14 Extraordinary Cuttlefish Facts: The King of Camouflage

Despite their name, cuttlefish (also known as cuttles) are not fish. They are invertebrates and close relative to the octopus, squid, and nautilus. Those animals are the sea’s expert camouflagers and are among the most clever animals on the planet. You’ll be astounded when you learn more about the incredible cuttlefish facts listed below!

Scientific name:Sepiida
Phylum: Mollusca
Class: Cephalopoda
Order: Sepiida

1. Cuttlefish is the king of camouflage

Despite being colorblind, this creature is an expert at concealment. Cuttlefish camouflage in a variety of ways, including changing their color, pattern, texture, and even shape to imitate anything in their surroundings.

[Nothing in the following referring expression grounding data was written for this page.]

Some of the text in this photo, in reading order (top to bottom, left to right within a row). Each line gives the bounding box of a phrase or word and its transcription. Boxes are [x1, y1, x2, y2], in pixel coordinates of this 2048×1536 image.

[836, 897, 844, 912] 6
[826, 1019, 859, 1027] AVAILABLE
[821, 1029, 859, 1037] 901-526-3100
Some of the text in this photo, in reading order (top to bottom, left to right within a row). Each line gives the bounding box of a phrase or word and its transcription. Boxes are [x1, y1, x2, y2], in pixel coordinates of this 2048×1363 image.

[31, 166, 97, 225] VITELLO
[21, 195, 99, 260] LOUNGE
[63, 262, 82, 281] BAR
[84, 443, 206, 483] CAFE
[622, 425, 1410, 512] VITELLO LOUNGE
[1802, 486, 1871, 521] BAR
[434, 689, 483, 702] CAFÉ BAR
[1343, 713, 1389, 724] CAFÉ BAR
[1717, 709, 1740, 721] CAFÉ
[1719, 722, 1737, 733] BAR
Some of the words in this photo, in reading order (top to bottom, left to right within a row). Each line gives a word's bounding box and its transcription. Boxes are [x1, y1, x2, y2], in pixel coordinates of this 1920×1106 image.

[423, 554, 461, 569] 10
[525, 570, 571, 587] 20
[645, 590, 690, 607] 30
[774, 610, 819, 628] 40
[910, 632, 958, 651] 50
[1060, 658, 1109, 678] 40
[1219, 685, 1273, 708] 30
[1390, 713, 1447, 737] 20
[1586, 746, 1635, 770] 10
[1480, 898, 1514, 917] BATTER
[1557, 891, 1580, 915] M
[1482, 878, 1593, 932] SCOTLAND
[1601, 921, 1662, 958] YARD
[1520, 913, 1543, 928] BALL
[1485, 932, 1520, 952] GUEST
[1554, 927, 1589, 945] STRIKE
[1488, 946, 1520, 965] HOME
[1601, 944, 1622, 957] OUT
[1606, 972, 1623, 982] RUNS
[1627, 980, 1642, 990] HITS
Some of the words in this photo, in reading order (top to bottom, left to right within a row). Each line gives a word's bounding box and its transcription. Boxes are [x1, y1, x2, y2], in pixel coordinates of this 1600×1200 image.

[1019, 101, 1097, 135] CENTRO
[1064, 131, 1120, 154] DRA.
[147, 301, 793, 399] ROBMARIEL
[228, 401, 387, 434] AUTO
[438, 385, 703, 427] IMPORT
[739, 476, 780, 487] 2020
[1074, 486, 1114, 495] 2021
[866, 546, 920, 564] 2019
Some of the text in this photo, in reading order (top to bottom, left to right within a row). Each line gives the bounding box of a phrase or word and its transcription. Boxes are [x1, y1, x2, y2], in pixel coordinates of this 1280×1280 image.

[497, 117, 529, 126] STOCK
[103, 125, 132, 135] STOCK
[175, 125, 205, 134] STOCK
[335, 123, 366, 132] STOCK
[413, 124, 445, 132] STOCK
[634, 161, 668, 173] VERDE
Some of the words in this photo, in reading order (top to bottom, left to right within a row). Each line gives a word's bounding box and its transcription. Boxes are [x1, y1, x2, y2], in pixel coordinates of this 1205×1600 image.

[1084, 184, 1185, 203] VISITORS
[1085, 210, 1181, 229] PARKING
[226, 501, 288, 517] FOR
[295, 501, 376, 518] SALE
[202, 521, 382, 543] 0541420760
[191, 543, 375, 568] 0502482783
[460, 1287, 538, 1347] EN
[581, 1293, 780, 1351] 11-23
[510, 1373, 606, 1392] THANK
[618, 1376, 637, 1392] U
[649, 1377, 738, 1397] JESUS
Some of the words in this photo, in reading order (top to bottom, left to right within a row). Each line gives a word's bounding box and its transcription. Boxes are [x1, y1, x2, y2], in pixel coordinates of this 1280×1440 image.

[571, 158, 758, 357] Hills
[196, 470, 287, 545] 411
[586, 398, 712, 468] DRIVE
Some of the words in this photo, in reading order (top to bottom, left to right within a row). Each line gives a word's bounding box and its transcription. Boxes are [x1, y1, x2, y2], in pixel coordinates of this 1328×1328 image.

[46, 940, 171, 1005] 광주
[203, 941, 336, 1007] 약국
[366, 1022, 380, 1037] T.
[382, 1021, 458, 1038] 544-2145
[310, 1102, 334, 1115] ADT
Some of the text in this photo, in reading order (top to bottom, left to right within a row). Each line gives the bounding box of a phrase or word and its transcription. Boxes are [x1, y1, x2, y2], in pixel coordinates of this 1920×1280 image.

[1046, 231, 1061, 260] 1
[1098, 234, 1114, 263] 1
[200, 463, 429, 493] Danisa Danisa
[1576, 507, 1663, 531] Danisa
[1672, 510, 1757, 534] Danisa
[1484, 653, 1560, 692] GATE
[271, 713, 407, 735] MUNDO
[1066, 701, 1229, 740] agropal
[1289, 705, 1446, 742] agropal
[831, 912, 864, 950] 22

– They can change color to blend in with their environments

There’s a reason why they call cuttlefish the chameleon of the sea. They can change the color of their skin in less than one second to match their surroundings. They can even change the color to every colorful rock and coral they swim by.

And if that doesn’t impress you enough, check this out! The color they change is not only still but also moving. To do this, cuttles change color in fast rhythms, giving the illusion that there are color waves rolling across their bodies.

The attractive light show is a method of helping cuttles in catching prey.

So how do cuttlefish change colors? Cuttlefish skin has chromatophores which are pigment-producing cells and leucophores which are light-reflecting cells. And every square millimeter of the cuttlefish’s skin, there are about 200 of these cells.

Being closest to the surface is yellow pigment cells, followed by the red and the orange, then brown and black pigment cells, and finally the green and the blue (iridophores).

The pigment cells are surrounded by microscopic bands of muscle. And cuttles regulate the contraction of these muscles independently through brain signals, resulting in a specific hue on a specific area of the skin. Depending on how much these muscles flex and how much light the leucophores reflect, different levels of pigment will appear.

A cuttlefish’s color may indicate its emotion. If the cuttlefish unexpectedly changes to black, it may feel furious, or frightening. They are trying to create a menacing image to scare away suspected predators. If it wants to tell a full story to other cuttles, it will show a simple color sequence.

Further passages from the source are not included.